### WHAT YOU HAVE TO DO
Retype the records below exactly. Leave nothing out.

>>>

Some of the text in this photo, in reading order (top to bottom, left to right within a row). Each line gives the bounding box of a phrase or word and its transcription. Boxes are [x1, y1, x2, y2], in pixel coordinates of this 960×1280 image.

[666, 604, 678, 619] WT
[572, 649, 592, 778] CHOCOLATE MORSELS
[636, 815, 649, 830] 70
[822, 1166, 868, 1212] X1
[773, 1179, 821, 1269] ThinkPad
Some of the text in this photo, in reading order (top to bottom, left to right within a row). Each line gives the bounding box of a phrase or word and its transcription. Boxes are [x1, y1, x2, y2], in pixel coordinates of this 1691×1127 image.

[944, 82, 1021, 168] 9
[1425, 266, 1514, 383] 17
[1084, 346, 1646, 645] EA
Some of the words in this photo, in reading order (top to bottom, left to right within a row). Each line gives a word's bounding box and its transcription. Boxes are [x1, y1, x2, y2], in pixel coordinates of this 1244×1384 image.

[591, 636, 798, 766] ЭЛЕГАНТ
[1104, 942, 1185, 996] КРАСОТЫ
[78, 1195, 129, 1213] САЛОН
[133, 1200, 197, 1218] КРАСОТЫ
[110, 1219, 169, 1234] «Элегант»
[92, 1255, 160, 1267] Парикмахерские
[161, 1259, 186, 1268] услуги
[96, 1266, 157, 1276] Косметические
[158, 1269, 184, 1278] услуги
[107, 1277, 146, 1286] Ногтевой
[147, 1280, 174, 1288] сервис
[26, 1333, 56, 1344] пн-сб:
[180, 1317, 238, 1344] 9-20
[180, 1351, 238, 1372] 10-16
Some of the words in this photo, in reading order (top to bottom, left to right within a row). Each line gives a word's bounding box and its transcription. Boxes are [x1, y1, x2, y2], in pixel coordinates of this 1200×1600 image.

<<<

### WRITTEN REPLY
Some of the text in this photo, in reading order (top to bottom, left to right within a row). Each line gives the bounding box of a phrase or word and its transcription. Boxes are [x1, y1, x2, y2], in pixel coordinates of this 960×1280 image.

[666, 604, 678, 619] WT
[572, 649, 592, 778] CHOCOLATE MORSELS
[636, 815, 649, 830] 70
[822, 1166, 868, 1212] X1
[773, 1179, 821, 1269] ThinkPad
Some of the text in this photo, in reading order (top to bottom, left to right within a row). Each line gives the bounding box of a phrase or word and its transcription. Boxes are [x1, y1, x2, y2], in pixel coordinates of this 1691×1127 image.

[944, 82, 1021, 168] 9
[1425, 266, 1514, 383] 17
[1084, 346, 1646, 645] EA
Some of the words in this photo, in reading order (top to bottom, left to right within a row). Each line gives a word's bounding box and its transcription. Boxes are [x1, y1, x2, y2], in pixel coordinates of this 1244×1384 image.

[591, 636, 798, 766] ЭЛЕГАНТ
[1104, 942, 1185, 996] КРАСОТЫ
[78, 1195, 129, 1213] САЛОН
[133, 1200, 197, 1218] КРАСОТЫ
[110, 1219, 169, 1234] «Элегант»
[92, 1255, 160, 1267] Парикмахерские
[161, 1259, 186, 1268] услуги
[96, 1266, 157, 1276] Косметические
[158, 1269, 184, 1278] услуги
[107, 1277, 146, 1286] Ногтевой
[147, 1280, 174, 1288] сервис
[26, 1333, 56, 1344] пн-сб:
[180, 1317, 238, 1344] 9-20
[180, 1351, 238, 1372] 10-16
Some of the words in this photo, in reading order (top to bottom, left to right within a row). Each line gives a word's bounding box and its transcription. Boxes are [x1, y1, x2, y2], in pixel coordinates of this 1200×1600 image.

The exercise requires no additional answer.